While Europe doesn't have that much injection of new people coming from outside. (It was) rescued, according to me, when the Soviet Union collapsed and Eastern Europe became part of Europe. Eastern Europe (had those) kind of hungry people, at a different level (from the rest of Europe), and they have come into Europe and given it a little bit of energy and spark.

What is the climate for doing business in India today?
Is it better, as projected by Prime Minister Modi?

There are two things that have improved since Mr Modi has become prime minister.

One, India's image outside India has dramatically improved. UPA (the United Progressive Alliance government), in the second round, spoilt the image considerably.

So that is now very definitively positive.

Why has India's image abroad improved?

There are two or three things. One, he (Prime Minister Narendra D Modi) is perceived as a very strong leader, which also helps, therefore something will happen.

Second, India is always loved in terms of its democracy, its language and all those things.

All those positives were there. India moved back considerably. But it was a temporary setback that got revived.

(Thirdly) a very large number of business people have started noticing India even more for the future.

They are very closely watching, basically. So these are the positives fundamentally.

What is the second thing that has improved since Mr Modi became prime minister?

He has also stabilised the country. There is a stable economy and a stable way of working.

There is improvement taking place, incrementally, not dramatically, as people had expected.

So if there is an incremental improvement taking place, and the direction is okay, things will improve.

IMAGE: Then President A P J Abdul Kalam inaugurates the Wockhardt Biotech Park, Aurangabad, Maharashtra. Photograph: Kind courtesy Wockhardt Ltd

Incremental improvements are the nature of India really, isn't it? The less the government interferes, the more incremental growth will continue.
So can the credit for this incremental growth go really to Mr Modi?

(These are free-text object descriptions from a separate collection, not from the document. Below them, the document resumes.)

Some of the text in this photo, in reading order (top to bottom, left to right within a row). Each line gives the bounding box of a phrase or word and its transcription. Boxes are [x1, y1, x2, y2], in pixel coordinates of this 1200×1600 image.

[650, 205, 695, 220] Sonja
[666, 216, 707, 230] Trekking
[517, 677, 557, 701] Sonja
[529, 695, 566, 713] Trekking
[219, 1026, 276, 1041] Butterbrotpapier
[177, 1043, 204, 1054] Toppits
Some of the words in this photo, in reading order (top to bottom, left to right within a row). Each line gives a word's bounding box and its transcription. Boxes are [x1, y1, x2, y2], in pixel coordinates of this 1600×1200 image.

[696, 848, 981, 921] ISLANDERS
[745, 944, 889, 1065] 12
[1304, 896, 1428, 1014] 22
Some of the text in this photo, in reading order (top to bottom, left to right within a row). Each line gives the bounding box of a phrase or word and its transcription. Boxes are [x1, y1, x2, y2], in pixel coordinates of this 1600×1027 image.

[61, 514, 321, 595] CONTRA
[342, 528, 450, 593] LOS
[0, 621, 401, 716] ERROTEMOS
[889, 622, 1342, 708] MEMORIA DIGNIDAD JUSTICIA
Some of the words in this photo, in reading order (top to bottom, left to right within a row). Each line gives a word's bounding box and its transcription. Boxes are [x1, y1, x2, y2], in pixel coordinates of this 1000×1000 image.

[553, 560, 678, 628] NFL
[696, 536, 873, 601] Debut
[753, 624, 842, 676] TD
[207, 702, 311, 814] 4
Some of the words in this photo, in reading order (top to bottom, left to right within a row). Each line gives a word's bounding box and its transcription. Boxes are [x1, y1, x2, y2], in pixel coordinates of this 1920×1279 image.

Yes, I would. Because to bring stability and bring about steady improvement is important. At times, during (then prime minister P V)Narasimha Rao's time, (then prime minister Atal Bihari) Vajpayee's time and during the first part of Manmohan Singh's time, the change was even faster than it is today.

But there is nothing like five steps forward and four steps backward. Maybe one step backward is what is happening.

What are some of the things pulling India back under Mr Modi?

Two things worry me.

One was the recent Budget which talked of going back to protectionism, which is counter to liberalisation. That worries me.

Because we are not going to help the competitive dynamics of India over a period of time. Instead of doing that (protectionism) we should have tried to resolve some of the specific issues. It has become really broad, and not a few areas, so that worries me.

Second, this division in society, which is taking place.

It does not bring a kind of perception of stability from a long-term perspective.

Where will it end? How far it will go?

What will happen in a socio-economic sense two years, five years, ten years down the road?

IMAGE: Dr Khorakiwala with his family on the company's 50th Founder's Day in 2017. Photograph: Kind courtesy Wockhardt Ltd

Does it worry you that Mr Modi may be too strong a leader?

There is nothing (about) being a strong leader. Like (India's first prime minister Jawaharlal) Nehru was a very strong leader in (India's) formative years and he had an ideological mind, which people today criticise.

But without Nehru you wouldn't have democracy, you wouldn't have those kinds of institution building which he has done, you wouldn't have the temper of science and technology, which he has created. So he was a builder that way.

A strong leader doesn't mean good or bad, that is what I am trying to tell you.

China has a strong leader, leadership coming for the last 40 years, liberalisation and they have done extremely well. It is not a democratic system. Done well, strong leadership. So by strong leader, it is not good or bad.